- [RAW DATA]:
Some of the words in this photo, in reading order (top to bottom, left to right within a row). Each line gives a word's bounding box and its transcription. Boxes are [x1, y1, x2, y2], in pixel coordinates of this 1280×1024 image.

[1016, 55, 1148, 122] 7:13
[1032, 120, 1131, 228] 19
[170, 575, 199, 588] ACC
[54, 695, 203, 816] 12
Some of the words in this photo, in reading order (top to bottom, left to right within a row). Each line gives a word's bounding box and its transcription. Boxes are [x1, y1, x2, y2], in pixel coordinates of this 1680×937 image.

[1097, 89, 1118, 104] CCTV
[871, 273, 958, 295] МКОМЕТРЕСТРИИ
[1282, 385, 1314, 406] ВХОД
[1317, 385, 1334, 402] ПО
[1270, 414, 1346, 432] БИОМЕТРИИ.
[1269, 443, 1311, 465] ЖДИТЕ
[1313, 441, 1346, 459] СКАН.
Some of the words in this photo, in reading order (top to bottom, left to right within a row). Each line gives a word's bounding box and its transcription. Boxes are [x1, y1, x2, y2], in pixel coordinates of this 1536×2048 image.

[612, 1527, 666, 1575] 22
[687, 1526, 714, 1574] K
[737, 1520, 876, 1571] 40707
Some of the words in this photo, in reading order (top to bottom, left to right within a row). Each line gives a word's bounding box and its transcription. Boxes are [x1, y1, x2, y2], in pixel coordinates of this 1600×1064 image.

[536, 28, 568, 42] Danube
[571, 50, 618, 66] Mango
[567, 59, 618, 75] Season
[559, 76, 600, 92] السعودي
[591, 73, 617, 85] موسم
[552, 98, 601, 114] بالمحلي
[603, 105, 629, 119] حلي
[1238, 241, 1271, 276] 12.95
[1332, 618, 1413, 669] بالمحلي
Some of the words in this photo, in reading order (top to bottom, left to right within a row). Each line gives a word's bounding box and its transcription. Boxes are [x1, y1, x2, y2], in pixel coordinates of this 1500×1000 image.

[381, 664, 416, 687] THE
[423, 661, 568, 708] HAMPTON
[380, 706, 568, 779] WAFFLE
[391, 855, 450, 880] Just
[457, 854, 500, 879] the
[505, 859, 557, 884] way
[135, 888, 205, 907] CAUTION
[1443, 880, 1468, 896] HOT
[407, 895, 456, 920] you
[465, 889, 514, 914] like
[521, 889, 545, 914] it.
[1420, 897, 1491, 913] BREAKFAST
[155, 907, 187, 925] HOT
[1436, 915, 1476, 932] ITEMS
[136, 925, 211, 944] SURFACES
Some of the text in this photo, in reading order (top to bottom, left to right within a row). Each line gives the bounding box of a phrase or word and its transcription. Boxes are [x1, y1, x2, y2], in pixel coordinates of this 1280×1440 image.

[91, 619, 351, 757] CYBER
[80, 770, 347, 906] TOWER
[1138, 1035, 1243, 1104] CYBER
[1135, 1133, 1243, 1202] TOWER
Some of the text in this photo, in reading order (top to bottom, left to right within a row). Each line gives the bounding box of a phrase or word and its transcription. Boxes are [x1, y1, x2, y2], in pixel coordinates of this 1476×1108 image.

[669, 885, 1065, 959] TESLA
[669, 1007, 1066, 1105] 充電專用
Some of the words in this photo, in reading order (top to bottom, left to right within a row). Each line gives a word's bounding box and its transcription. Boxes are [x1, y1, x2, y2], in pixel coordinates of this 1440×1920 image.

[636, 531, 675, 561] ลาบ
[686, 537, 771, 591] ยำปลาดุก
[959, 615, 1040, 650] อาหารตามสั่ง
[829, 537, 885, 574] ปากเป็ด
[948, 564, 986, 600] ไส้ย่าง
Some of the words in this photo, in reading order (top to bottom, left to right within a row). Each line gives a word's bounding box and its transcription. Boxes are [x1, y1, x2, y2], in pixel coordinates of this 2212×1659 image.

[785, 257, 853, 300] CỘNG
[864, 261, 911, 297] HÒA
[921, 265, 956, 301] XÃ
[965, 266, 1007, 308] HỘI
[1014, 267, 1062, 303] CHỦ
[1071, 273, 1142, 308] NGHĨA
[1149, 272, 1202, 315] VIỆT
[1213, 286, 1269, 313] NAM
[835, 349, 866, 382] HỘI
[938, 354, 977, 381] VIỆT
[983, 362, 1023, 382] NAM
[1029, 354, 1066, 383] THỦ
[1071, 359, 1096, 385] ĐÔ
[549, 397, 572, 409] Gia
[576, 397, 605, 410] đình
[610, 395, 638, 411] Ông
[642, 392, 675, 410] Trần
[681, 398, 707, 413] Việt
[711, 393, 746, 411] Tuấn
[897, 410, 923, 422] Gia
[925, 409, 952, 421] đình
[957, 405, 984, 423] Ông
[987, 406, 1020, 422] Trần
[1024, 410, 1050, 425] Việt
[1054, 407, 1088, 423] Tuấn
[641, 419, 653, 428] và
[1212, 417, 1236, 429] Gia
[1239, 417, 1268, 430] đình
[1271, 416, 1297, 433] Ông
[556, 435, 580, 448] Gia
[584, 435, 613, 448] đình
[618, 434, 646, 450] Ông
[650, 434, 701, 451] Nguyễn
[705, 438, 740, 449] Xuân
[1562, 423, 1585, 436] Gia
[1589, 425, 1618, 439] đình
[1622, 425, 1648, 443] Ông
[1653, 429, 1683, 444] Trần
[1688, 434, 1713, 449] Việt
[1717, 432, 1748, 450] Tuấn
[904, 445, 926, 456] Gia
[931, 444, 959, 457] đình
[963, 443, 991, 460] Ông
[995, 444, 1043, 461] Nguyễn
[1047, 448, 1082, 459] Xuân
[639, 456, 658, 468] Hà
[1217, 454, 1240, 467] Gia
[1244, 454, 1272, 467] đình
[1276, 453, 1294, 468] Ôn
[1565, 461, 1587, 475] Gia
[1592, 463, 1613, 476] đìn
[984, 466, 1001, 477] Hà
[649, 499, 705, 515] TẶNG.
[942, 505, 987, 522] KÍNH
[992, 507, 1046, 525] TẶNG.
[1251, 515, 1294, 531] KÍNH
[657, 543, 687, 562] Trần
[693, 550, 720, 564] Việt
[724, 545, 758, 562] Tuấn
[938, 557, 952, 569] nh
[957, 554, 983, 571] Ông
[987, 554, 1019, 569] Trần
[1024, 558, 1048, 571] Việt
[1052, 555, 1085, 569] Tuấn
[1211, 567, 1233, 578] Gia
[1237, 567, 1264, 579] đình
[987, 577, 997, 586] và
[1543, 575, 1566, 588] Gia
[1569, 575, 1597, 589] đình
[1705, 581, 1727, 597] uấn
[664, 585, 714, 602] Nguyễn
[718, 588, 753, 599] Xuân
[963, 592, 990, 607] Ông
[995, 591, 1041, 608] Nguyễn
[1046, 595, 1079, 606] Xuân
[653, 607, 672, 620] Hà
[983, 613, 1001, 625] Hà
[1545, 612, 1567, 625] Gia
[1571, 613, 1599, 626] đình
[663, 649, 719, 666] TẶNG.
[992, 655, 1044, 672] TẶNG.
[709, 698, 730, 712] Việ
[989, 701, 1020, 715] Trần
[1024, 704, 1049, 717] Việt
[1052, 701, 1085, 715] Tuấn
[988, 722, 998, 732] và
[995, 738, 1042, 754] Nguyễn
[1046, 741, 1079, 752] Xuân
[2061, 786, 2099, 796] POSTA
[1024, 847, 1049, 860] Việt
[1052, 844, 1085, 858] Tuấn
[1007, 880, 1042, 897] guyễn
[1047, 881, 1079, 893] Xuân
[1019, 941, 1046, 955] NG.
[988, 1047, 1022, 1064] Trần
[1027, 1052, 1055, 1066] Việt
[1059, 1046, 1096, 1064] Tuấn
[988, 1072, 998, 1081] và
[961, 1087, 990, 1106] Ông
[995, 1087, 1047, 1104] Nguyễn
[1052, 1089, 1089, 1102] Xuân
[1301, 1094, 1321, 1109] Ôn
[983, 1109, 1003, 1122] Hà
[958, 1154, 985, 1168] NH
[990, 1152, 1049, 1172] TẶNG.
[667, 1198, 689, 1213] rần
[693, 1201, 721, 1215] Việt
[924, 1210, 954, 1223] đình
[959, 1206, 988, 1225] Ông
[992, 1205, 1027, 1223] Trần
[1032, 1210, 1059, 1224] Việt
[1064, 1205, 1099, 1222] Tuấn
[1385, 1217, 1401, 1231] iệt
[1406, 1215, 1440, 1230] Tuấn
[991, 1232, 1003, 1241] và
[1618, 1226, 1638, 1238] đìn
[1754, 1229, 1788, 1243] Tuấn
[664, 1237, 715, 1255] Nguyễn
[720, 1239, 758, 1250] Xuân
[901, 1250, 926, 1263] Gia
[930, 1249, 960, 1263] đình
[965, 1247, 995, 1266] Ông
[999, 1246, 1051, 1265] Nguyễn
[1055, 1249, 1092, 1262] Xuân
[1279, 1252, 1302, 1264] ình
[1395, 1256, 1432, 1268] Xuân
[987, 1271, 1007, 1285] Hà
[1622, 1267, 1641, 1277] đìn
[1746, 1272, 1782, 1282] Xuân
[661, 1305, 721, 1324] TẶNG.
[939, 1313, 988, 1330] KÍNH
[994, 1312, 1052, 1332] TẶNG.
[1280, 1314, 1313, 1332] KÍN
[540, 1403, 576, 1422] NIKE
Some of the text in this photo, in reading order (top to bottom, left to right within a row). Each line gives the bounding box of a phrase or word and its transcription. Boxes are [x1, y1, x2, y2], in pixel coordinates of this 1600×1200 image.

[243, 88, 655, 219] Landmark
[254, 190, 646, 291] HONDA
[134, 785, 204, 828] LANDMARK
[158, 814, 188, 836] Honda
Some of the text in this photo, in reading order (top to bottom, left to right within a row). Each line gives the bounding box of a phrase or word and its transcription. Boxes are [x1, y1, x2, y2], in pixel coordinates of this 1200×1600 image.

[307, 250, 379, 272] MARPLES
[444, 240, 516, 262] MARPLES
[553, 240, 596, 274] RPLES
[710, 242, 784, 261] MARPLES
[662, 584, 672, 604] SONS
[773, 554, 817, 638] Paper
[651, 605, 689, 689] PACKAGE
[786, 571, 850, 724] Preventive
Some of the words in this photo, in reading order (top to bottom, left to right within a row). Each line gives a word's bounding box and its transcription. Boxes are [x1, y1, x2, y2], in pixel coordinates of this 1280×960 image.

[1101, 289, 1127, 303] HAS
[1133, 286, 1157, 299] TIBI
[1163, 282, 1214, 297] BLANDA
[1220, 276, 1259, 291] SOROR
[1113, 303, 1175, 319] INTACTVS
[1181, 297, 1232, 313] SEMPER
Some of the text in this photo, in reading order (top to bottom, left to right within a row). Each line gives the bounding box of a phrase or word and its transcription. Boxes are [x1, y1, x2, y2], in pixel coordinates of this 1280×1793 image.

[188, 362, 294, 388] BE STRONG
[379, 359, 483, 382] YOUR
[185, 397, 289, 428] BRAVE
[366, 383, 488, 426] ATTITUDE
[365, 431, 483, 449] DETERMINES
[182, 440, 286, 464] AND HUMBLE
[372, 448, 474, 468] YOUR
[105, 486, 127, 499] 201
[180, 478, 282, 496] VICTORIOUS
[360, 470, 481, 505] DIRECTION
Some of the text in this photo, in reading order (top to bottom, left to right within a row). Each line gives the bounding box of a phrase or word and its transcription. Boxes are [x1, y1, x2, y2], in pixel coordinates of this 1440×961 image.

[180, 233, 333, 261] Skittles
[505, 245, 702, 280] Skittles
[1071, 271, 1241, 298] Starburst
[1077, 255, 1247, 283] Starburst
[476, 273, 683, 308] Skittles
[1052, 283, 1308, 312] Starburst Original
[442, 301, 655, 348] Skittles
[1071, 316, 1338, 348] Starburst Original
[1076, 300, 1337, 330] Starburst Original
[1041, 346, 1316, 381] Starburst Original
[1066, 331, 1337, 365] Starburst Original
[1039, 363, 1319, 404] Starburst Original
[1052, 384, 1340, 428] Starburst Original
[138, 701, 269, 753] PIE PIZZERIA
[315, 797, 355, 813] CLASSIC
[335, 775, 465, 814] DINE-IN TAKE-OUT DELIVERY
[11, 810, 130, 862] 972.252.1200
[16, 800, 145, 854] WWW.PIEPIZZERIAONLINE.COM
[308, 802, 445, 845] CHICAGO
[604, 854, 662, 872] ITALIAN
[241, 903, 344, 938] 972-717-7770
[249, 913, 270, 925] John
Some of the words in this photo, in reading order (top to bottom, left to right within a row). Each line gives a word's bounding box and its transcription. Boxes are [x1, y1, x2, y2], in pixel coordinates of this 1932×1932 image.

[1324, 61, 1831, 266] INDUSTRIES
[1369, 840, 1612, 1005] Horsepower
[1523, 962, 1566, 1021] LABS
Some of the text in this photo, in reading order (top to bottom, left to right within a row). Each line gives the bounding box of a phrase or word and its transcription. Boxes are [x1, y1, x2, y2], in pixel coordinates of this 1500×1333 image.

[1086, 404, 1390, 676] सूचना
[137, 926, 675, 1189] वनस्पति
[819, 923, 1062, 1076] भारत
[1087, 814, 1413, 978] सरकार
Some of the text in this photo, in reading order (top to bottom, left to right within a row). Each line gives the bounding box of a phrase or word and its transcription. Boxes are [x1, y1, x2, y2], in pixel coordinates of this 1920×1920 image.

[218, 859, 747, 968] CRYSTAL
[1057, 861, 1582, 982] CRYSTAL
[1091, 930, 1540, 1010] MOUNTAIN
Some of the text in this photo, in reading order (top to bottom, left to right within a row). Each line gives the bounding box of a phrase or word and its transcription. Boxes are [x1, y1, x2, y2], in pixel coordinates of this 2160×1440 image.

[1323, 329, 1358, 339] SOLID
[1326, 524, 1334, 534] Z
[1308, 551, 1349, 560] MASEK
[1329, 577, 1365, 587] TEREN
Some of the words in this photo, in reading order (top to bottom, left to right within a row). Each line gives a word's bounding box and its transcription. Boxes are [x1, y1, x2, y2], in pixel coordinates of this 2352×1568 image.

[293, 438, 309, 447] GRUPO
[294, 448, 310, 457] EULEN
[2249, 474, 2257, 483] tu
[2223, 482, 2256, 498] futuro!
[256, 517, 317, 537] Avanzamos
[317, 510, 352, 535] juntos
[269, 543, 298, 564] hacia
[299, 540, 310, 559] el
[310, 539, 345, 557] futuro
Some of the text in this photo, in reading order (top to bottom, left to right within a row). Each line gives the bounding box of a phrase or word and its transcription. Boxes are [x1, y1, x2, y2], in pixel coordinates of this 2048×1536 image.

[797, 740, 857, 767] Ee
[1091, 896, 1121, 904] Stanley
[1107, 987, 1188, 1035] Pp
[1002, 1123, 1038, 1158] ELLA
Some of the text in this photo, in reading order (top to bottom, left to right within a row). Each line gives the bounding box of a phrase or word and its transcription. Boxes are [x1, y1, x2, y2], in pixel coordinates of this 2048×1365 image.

- [WORK TASK]: Copy exactly the lines from the one with "this 2160×1440 image." through the last line of the material, keeping both ends.

- [RESULT OF THIS TASK]:
Some of the text in this photo, in reading order (top to bottom, left to right within a row). Each line gives the bounding box of a phrase or word and its transcription. Boxes are [x1, y1, x2, y2], in pixel coordinates of this 2160×1440 image.

[1323, 329, 1358, 339] SOLID
[1326, 524, 1334, 534] Z
[1308, 551, 1349, 560] MASEK
[1329, 577, 1365, 587] TEREN
Some of the words in this photo, in reading order (top to bottom, left to right within a row). Each line gives a word's bounding box and its transcription. Boxes are [x1, y1, x2, y2], in pixel coordinates of this 2352×1568 image.

[293, 438, 309, 447] GRUPO
[294, 448, 310, 457] EULEN
[2249, 474, 2257, 483] tu
[2223, 482, 2256, 498] futuro!
[256, 517, 317, 537] Avanzamos
[317, 510, 352, 535] juntos
[269, 543, 298, 564] hacia
[299, 540, 310, 559] el
[310, 539, 345, 557] futuro
Some of the text in this photo, in reading order (top to bottom, left to right within a row). Each line gives the bounding box of a phrase or word and its transcription. Boxes are [x1, y1, x2, y2], in pixel coordinates of this 2048×1536 image.

[797, 740, 857, 767] Ee
[1091, 896, 1121, 904] Stanley
[1107, 987, 1188, 1035] Pp
[1002, 1123, 1038, 1158] ELLA
Some of the text in this photo, in reading order (top to bottom, left to right within a row). Each line gives the bounding box of a phrase or word and its transcription. Boxes are [x1, y1, x2, y2], in pixel coordinates of this 2048×1365 image.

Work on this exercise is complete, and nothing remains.